To call it a clap of thunder in a clear blue sky would be a gross understatement. When DeepMind announced AlphaZero in December of 2017, a new improved version of their AlphaGo Zero template, but this time applied to three games: Go, shogi, and… chess! The result was slack-jawed chess players around the world. DeepMind claimed to not only have produced a neural network that played chess at the highest level, but that did so in extraordinary conditions. First of all, it used almost 1000 times fewer nodes per second than the reigning number one Stockfish, which would mean at least 500 Elo lost if it were Stockfish itself trying this stunt. Second, it played positional chess to make a top GM weep with joy, with speculative plays and attacks that no conventional engine would try (unless it were configured with suicidal settings).

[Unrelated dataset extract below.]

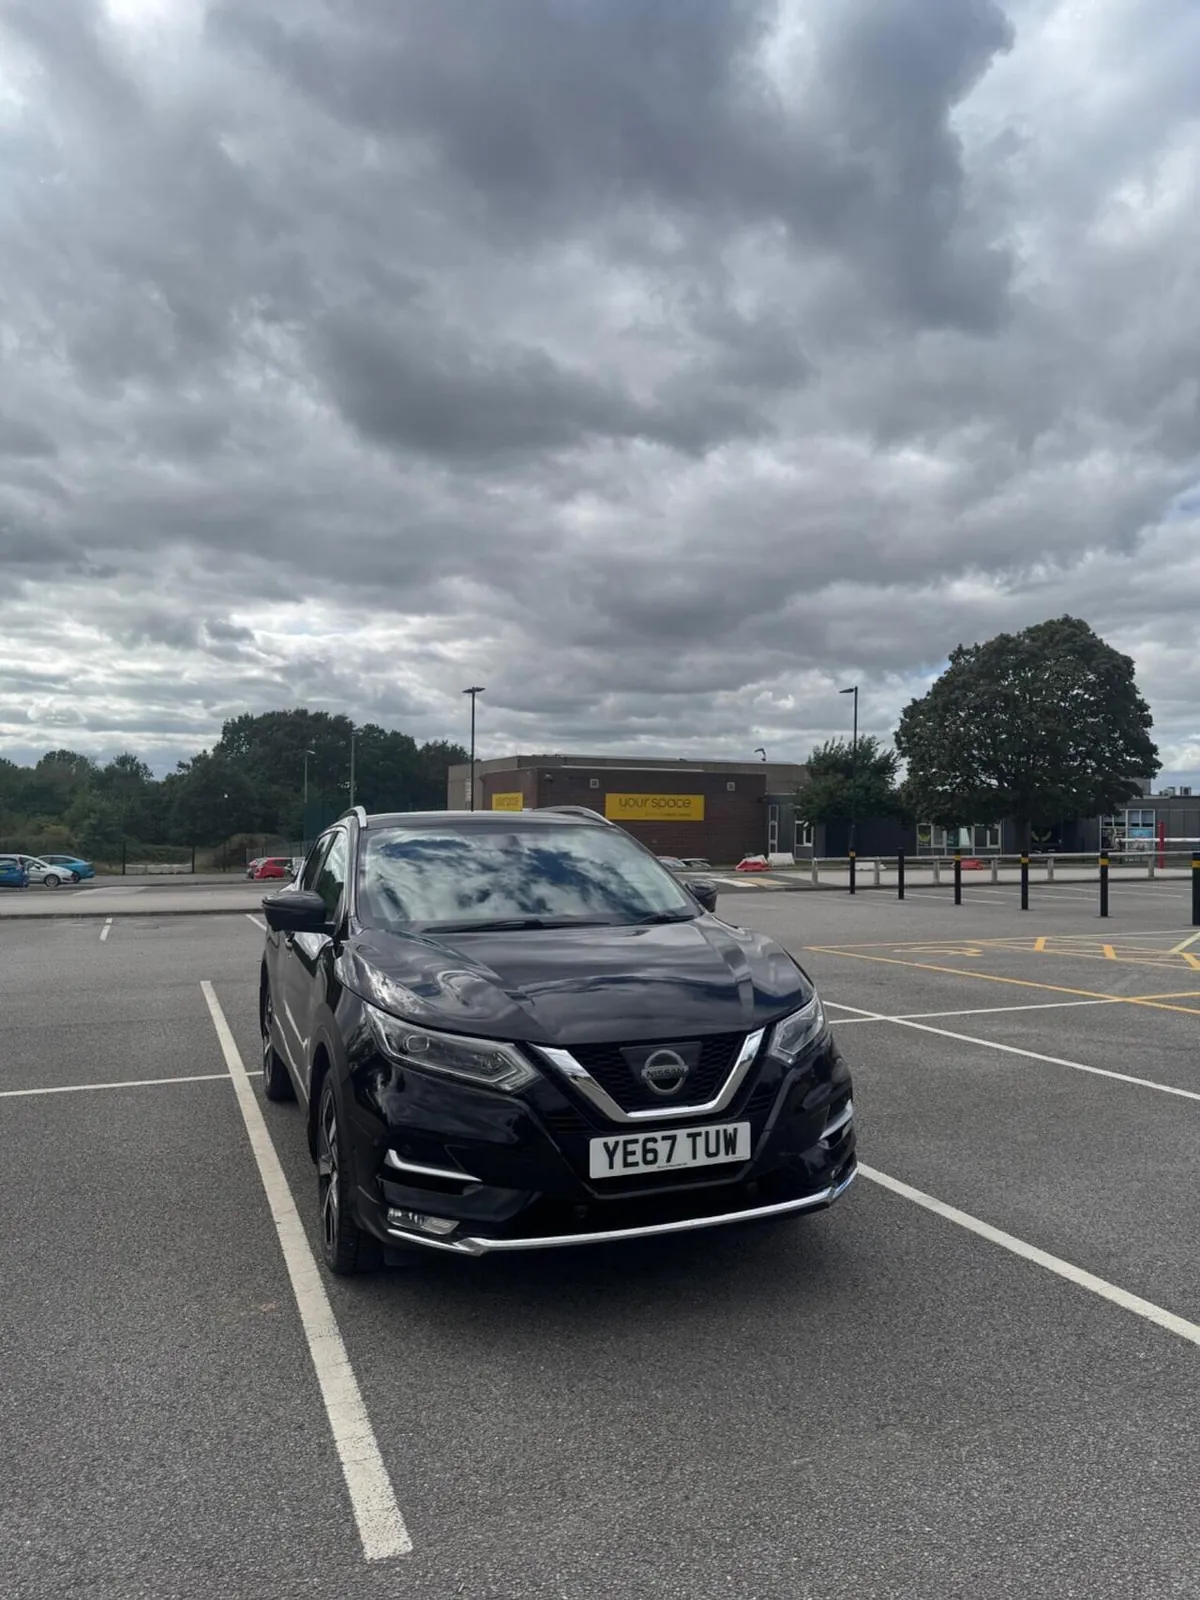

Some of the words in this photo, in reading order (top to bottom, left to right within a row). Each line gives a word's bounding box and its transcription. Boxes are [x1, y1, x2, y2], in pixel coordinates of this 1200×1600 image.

[646, 1068, 685, 1078] NISSAN
[603, 1134, 678, 1170] YE67
[686, 1127, 738, 1161] TUW

Had this been their first announcement they might have been met with derision and disbelief, but with the track record of AlphaGo behind them, it just set chess players dreaming. Sergey Karjakin, the World Championship challenger of 2016, said that he would pay a million dollars to have AlphaZero. It wasn’t important whether this was a genuine monetary offer, the spirit of the comment was widely shared. Once again, DeepMind published the recipe to their success.

Demis Hassabis

An outsider might wonder why DeepMind would even bother given the massive success and publicity they had garnered from AlphaGo, but the key lay in the founder of DeepMind: Demis Hassabis. Hassabis had been a chess prodigy in his own right, reaching master level (Elo 2300+) a the age of 13. While he may have strayed from the chess path as a professional player, his first love was not to be forgotten. With the success of AlphaGo Zero, and the development pipeline having been so well fine-tuned by now, it was time to see if something special could be done in chess as well. The rest, as they say, is history.

Almost immediately after the news and publication of the first draft of the paper, someone tried to convert Gian-Carlo Pascutto’s open-source Leela Zero code to chess, but it was a non-functional mess. This time Gary Linscott (in image to the right) came to the rescue, a programmer who was a main developer and contributor to the chess engine Stockfish. He cleaned up the code, and with the help of some other skilled programmers equally desirous to see it work, they went about effectuating the transition from Go to chess. As one of them later commented though, without the Leela Zero codebase to work with, they were unlikely to have even tried to take on this mammoth project. I wrote about this development in my article Leela Chess Zero: AlphaZero for the PC in April 2018.

Within about a month the code had been tested to work, and giving credit where credit was due, it was called Leela Chess Zero. Just as in the case of Leela Zero (the Go program), a key component was to leverage the community resources via contributions using a client program that anyone could run from their computer. Again, the issue of producing sufficient games to train the project posed a major challenge. DeepMind claimed to have needed roughly 44 million games to train the AlphaZero chess neural network, and while they managed this feat in four hours with the help of 5000 super processors especially designed for AI development, the average Joe could come nowhere near this. LCZero had been born.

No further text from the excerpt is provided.